すごく整ったチームというイメージを受けました。準決勝でのアメリカのシステムは4-4-2ですが、厳密にはロイド(10番)が少し中盤に下りる4-4-1-1となり、セカンドボールを拾うイメージが強い戦い方でした。おそらく、システムに関してはドイツの4-2-3-1に対応させていたと思います。

攻撃の形から言うと、センターバックから前線のモーガン(13番)、ロイドを狙い、左サイドハーフのラピノー(15番)を絡めていくというのが基本的な攻撃のプレーモデルです。サイドに関しては右よりも左サイドから崩していくのが得意な形です。「ボールを奪ってモーガン」、「モーガンがダメならロイド」という狙いと優先順位が徹底されていて、前線でボールが収まれば左のラピノーが積極的に上がって行きます。

――そこまで弱点のないチームに映りましたか?

狙いどころはありますが、基本的には教科書通りのいいチームだなと。守備に関しては4-4-2で綺麗に3ラインを作ってスライドをして、という教科書にある守り方です。
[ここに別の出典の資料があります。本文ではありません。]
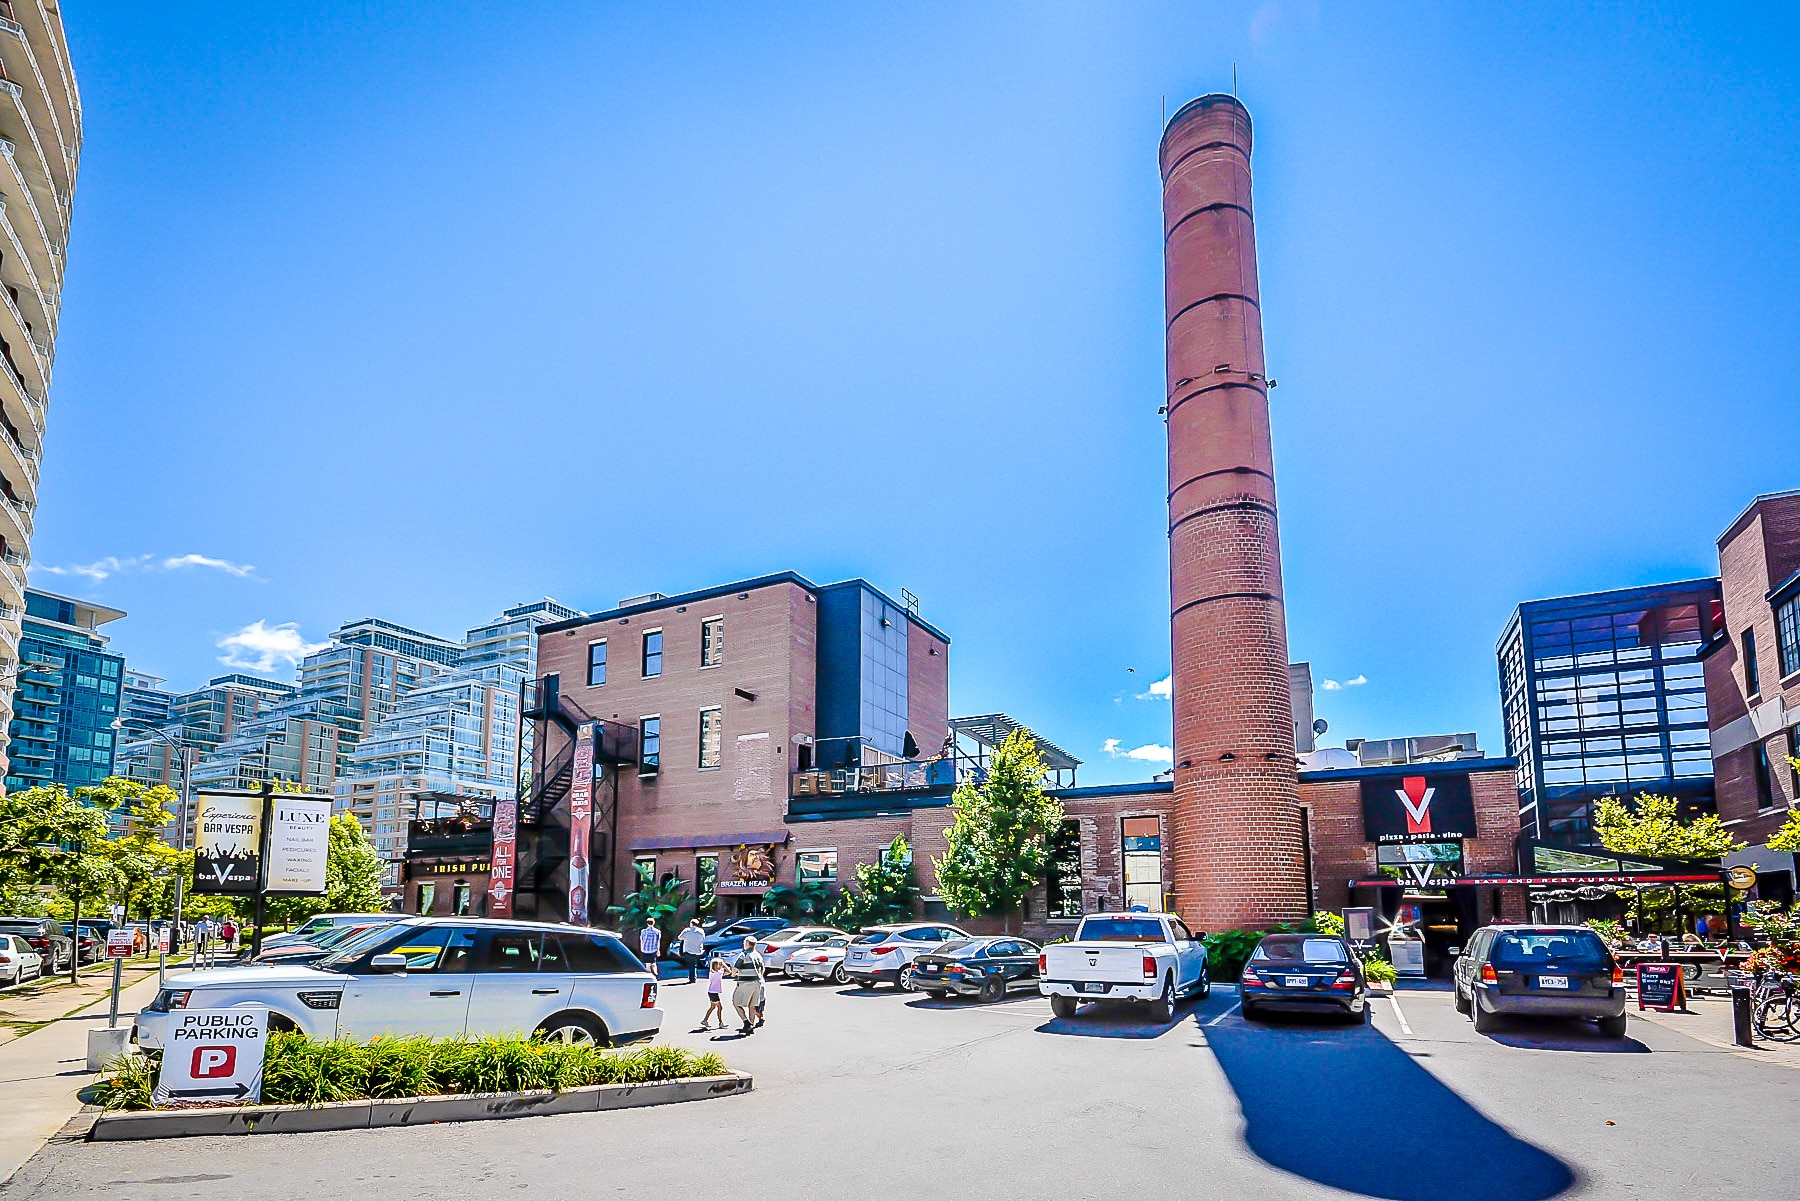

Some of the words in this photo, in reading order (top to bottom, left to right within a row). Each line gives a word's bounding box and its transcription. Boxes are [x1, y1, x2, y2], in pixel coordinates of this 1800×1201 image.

[202, 806, 257, 823] Experience
[279, 810, 326, 824] LUXE
[203, 822, 223, 834] BAR
[225, 823, 254, 835] VESPA
[1379, 834, 1404, 842] pizza
[1410, 831, 1436, 841] pasta
[1442, 831, 1463, 839] vino
[494, 846, 512, 859] ALL
[433, 863, 466, 873] IRISH
[491, 865, 513, 879] ONE
[198, 872, 217, 880] bar
[1396, 877, 1417, 886] bar
[720, 880, 747, 888] BRAZEN
[183, 1014, 254, 1028] PUBLIC
[174, 1027, 259, 1041] PARKING
[198, 1049, 228, 1075] P
逆に言うと、準決勝でのアメリカは攻撃、守備ともにシステムのバリエーションはほとんどなく、ロイドのポジショニングによって4-4-2になるか4-4-1-1になるかの違いでした。

――攻撃のプレーモデルにおいてバリエーションはないようですが、前線につけるボールの精度が高く、ドイツの激しいプレッシングを回避するパスワークもスピーディーでした。

パススピードが速いのに加えて、コンビネーションが出来上がっているので攻撃時に判断が入ってない、自動化された攻撃が多くみられました。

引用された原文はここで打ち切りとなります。